24-04-2012, 02:07 PM #41
I use creme fraiche as well as parmesan in the egg. Once the bacon (pancetta, if you can get it) and onion are cooked, dump the cooked, drained pasta into the pan to coat it with the bacon-y goodness. Take it off the heat and pour in the eggy, creamy, cheesy mixture, stir and serve.
24-04-2012, 07:38 PM #42
Just tried my hand at a poached egg. It kind of worked... However when taking the egg out of the water it slipped once and the yolk parted a bit from the egg white (but didn't break!). Experiment successful, I would say, although next time I'll use a different vinegar (white wine vinegar was used this time) and take a wider pan / pot.

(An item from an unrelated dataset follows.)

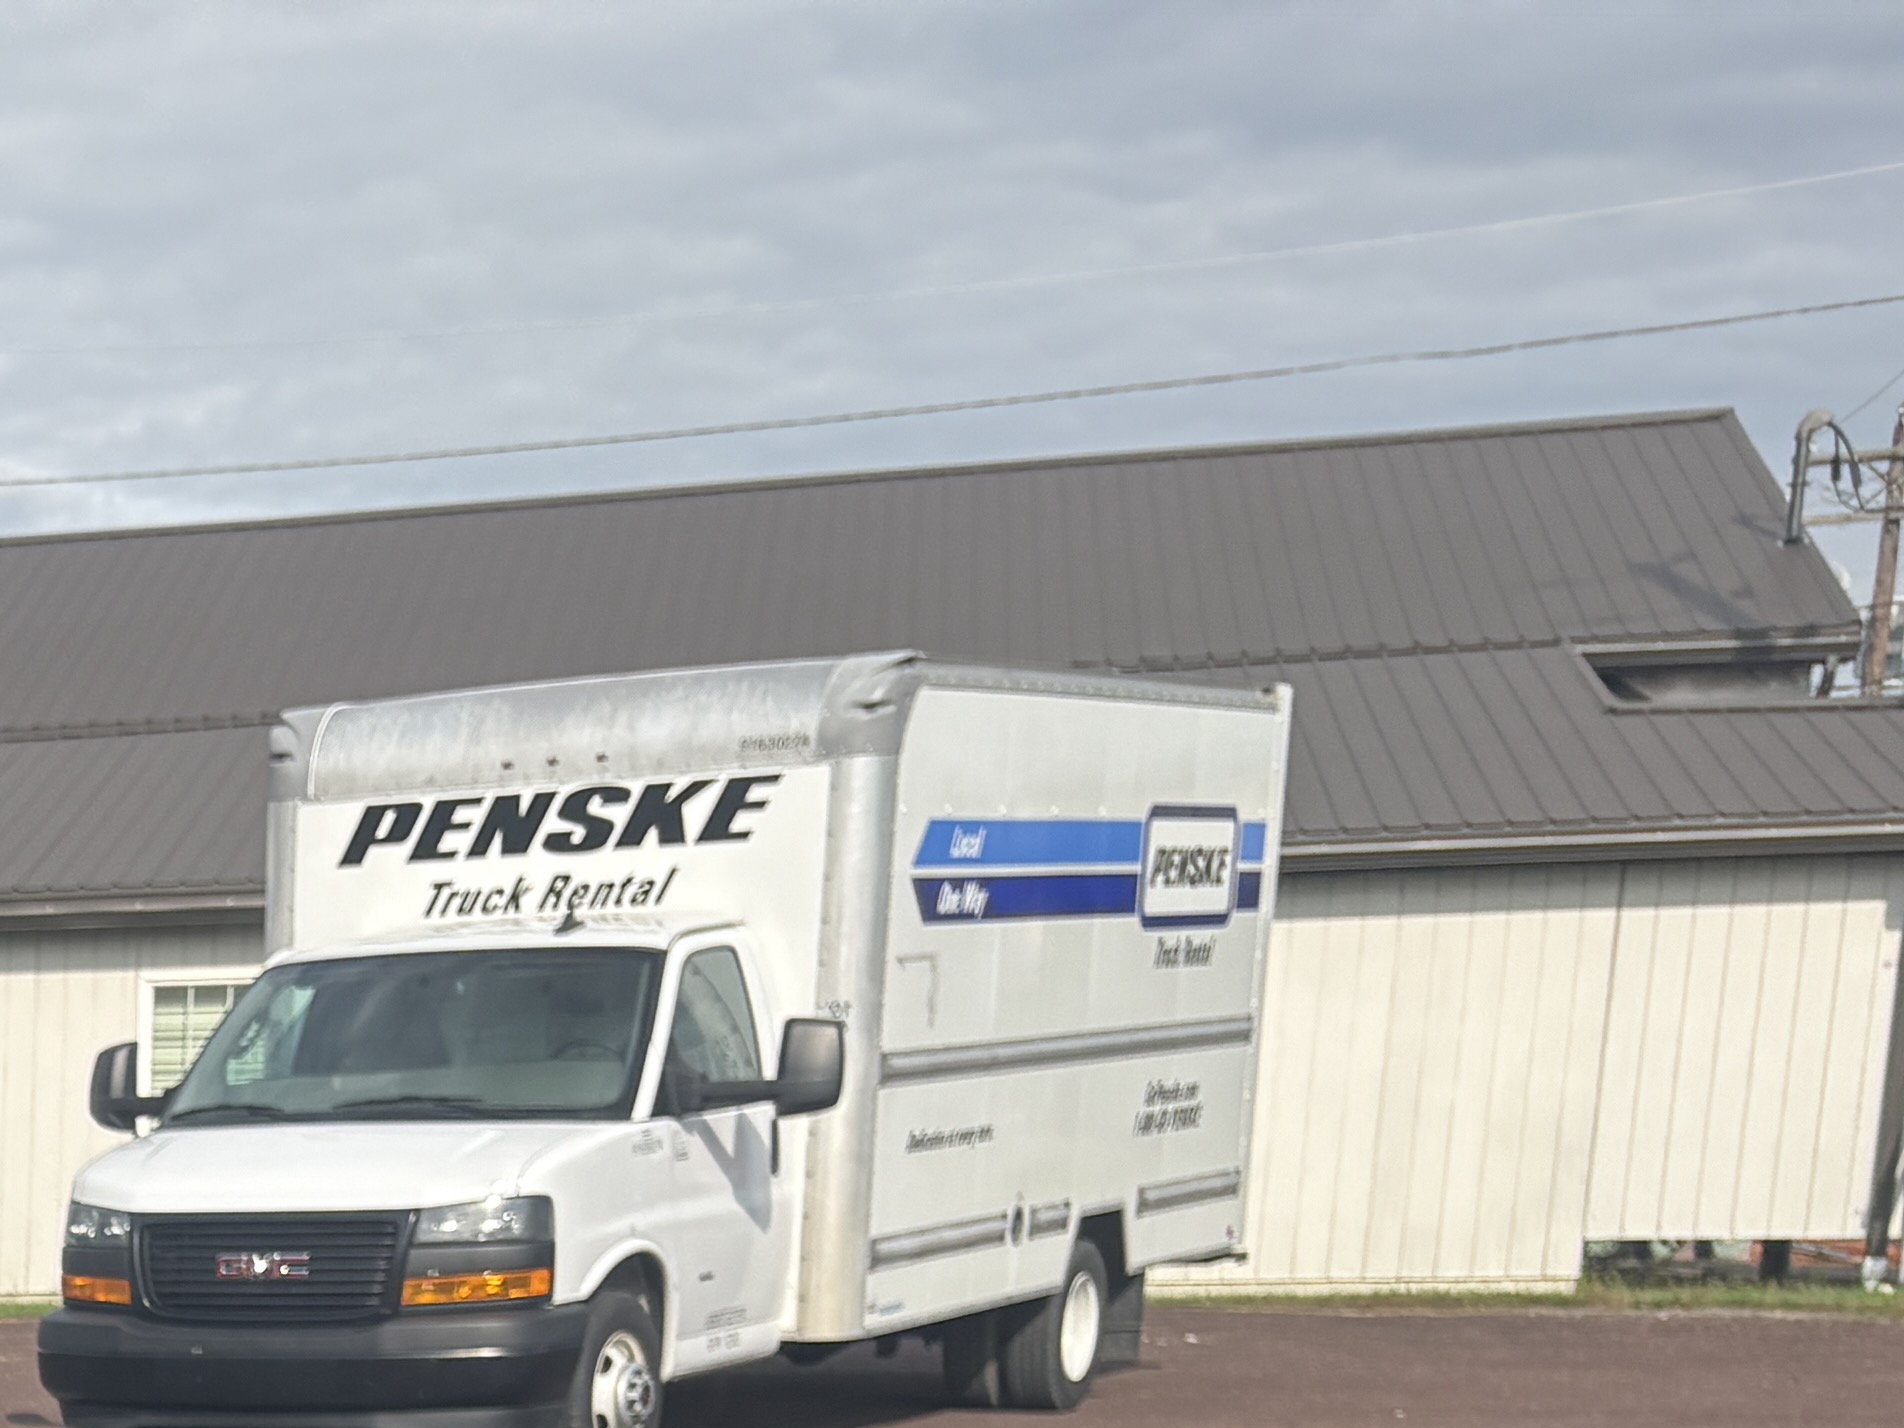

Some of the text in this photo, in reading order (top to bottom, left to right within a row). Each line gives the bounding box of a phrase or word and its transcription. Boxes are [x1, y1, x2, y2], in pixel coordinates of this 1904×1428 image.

[337, 774, 784, 868] PENSKE
[423, 866, 678, 918] Truck Rental
[1150, 844, 1230, 889] PENSKE

Further research is needed to reveal the precise mechanics underlying this phenomenon.Forum janitor in training.
25-04-2012, 06:28 AM #43
The most success I've had with poached eggs was using Hugh Fearnley-Whittingstall's method. They came out perfectly.
"Crack the eggs into a saucer. Get a pan of water boiling, add a few drops of white wine vinegar and stir the water to create a whirlpool. Tip the eggs into the eddy, lower the heat and poach for three minutes, until the whites are set. Remove with a slotted spoon and drain on kitchen paper."
Bonus points for any recipe that involves an eddy.
This restaurant technique sounds like it would work. It isn't really practical for less than 25 covers but might be worth a try if there's someone you really want to impress with an egg.
Open-faced sandwiches are upon you whether you would risk it or not.
25-04-2012, 07:17 PM #44
Oh balsamic vinegar why must I be your bitch.